Baral noted that the largest recent M&A deals were competitive, involving a buyer that outcompeted one or more rivals to land their deal. Amgen emerged from a trio of would-be buyers that included Johnson & Johnson and Sanofi, creating a competition that lifted Horizon’s shares by nearly 30%. Seagen rejected offers from Merck, which was the leading potential buyer last year, before accepting Pfizer’s $229-a-share offer.

But when Pfizer announced the Seagen deal in March, investors only sent shares of Seagen up 14.5% the day of the announcement, from $172.61 to $197.65, based on fears of possible antitrust challenges from the FTC and other global regulators.

Flexing muscle

The FTC has flexed muscle against larger M&A deals that it perceives as creating new monopolies by stifling competition, most notably the ongoing challenges by the agency and the European Union to kill Illumina’s $7.1 billion planned acquisition of cancer blood test developer Grail.

The cost of Illumina’s persistence against regulators has been a key argument of activist investor Carl Icahn, who has calculated that the regulatory battle has shrunk the sequencing giant’s market capitalization (the share price times the number of outstanding shares of a public company) by $50 billion. Icahn has sought since March to change the sequencing giant’s board, management, and direction—a case he recently detailed exclusively on GEN’s “Close to the Edge.”

Another factor driving up interest if not activity in M&A, Baral said, has been continuing declines in two other traditional ways that investors have recouped the capital they have poured into early-stage biotechs. According to EY data,
total biotech IPO value generated in Q1 2023 was $280 million, down 18% from $342 million in the year-ago quarter.

Also during Q1 2023, a total $2.381 billion in venture capital was invested in biotech companies, down 72% from the $8.541 billion invested a year earlier, and lower than any quarter of 2022.

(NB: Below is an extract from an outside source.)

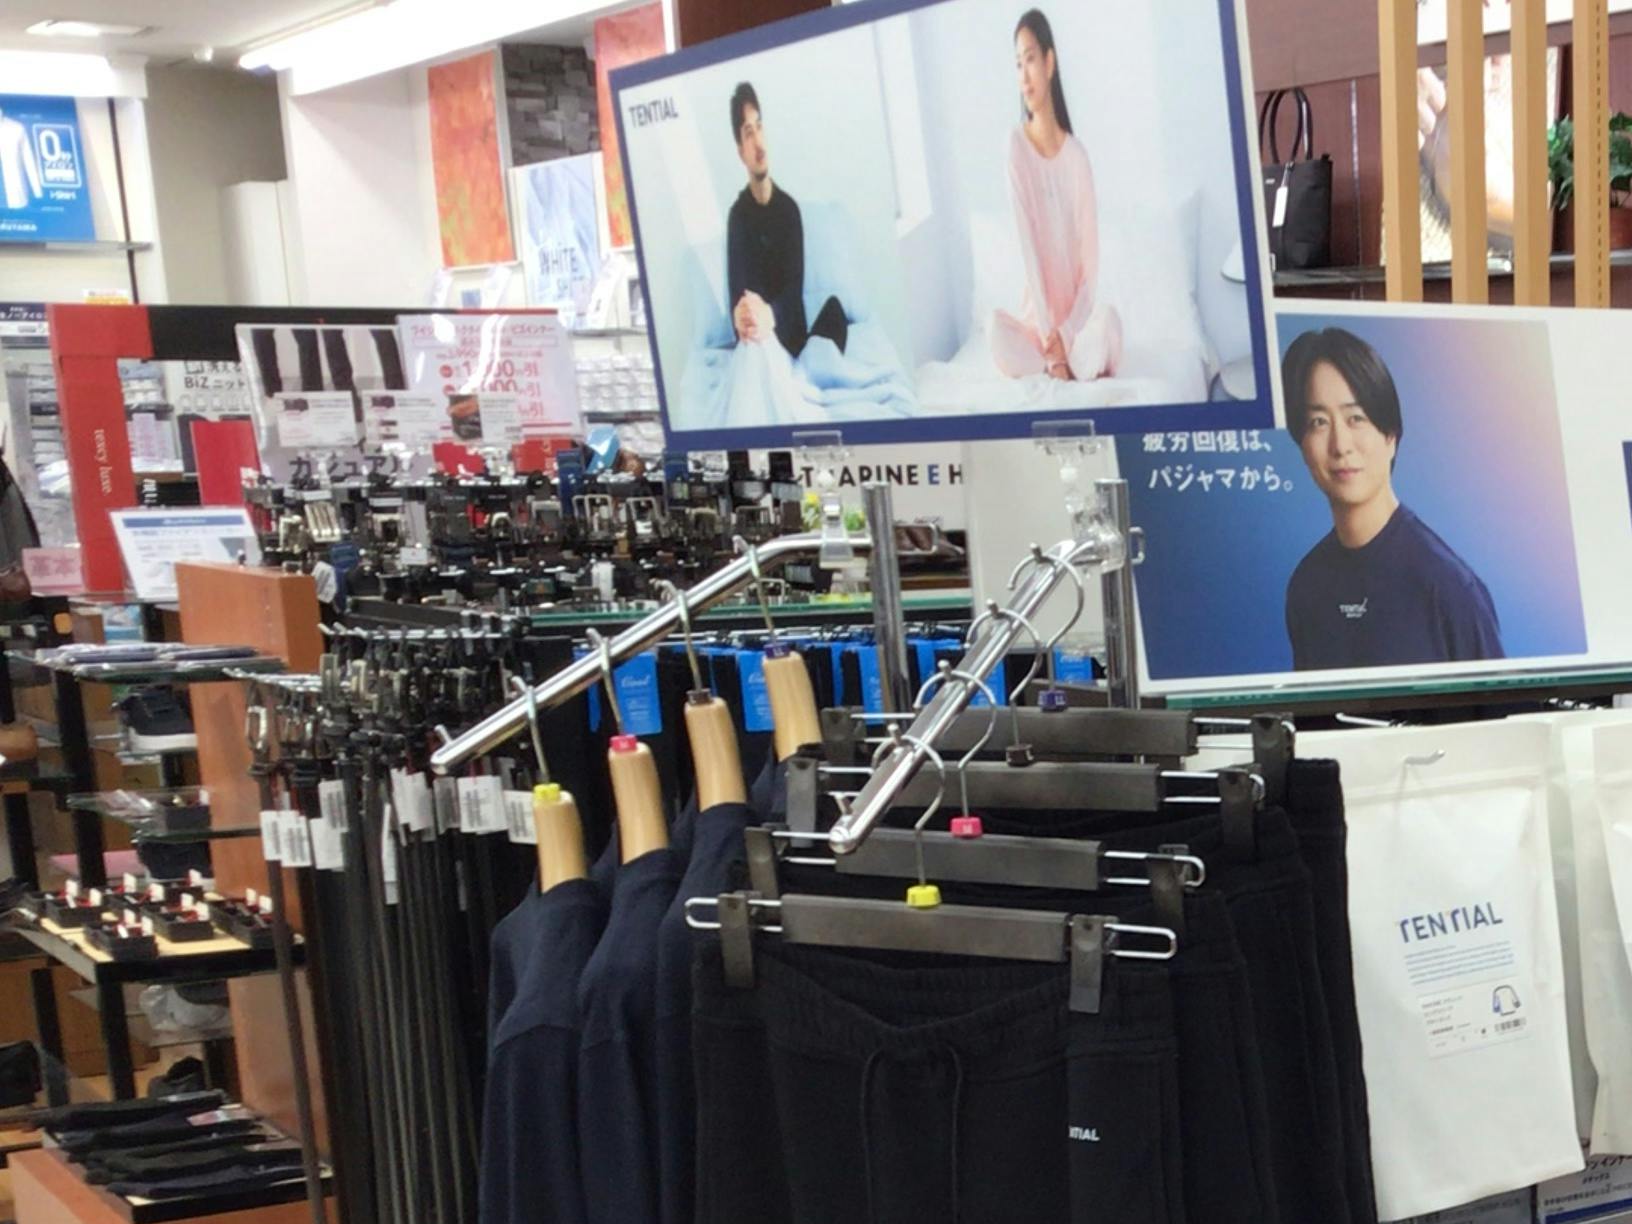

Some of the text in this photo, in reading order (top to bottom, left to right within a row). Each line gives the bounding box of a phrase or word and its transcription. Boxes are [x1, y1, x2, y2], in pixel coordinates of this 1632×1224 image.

Q1 2022 was by far the biggest quarter for VC fundraising last year, attracting 45% of the entire year’s VC investment—in part because of the eye-popping $3 billion financing round with which Altos Labs™ emerged from stealth mode, launching with the ambitious aim of reversing disease and aging processes that lead to injury, and disabilities through cellular rejuvenation programming. Investigators from Altos recently detailed some of the company’s research at the European Laboratory Research & Innovation Group (ELRIG) Drug Discovery Conference in Cambridge, U.K.

Baral said the challenges facing M&A are driving many biotechs toward acquiring assets through cheaper collaboration and licensing deals.

“We are seeing continued uptick on the collaboration and licensing deals. So, they have always been a feeder to the larger M&A on the back end. We do see that trends are not changing,” Baral said. “Frankly, in the current environment where the M&A is down because of macroeconomics, some regulatory concerns and the headwinds that we are facing, collaboration and joint ventures would continue to be where companies will invest in.”

Leaders & laggards


  • Sarepta Therapeutics (SRPT) shares jumped 31% on Monday, the first trading day after the FDA’s Cellular, Tissue and Gene Therapies Advisory Committee recommended that the FDA grant accelerated approval of SRP-9001 (delandistrogene moxeparvovec) to treat ambulatory Duchenne muscular dystrophy (DMD) patients with a confirmed mutation in the DMD gene. The 8-to-6 vote sets the stage for an expected FDA approval of the first gene therapy indicated for a form of DMD. Opponents urged the advisory committee to postpone action pending the expected release of efficacy data in September from a confirmatory clinical study of SRP-9001. Opponents also raised questions about whether expression of micro-dystrophin was, as Sarepta asserted, a surrogate endpoint that was reasonably likely to predict clinical benefit.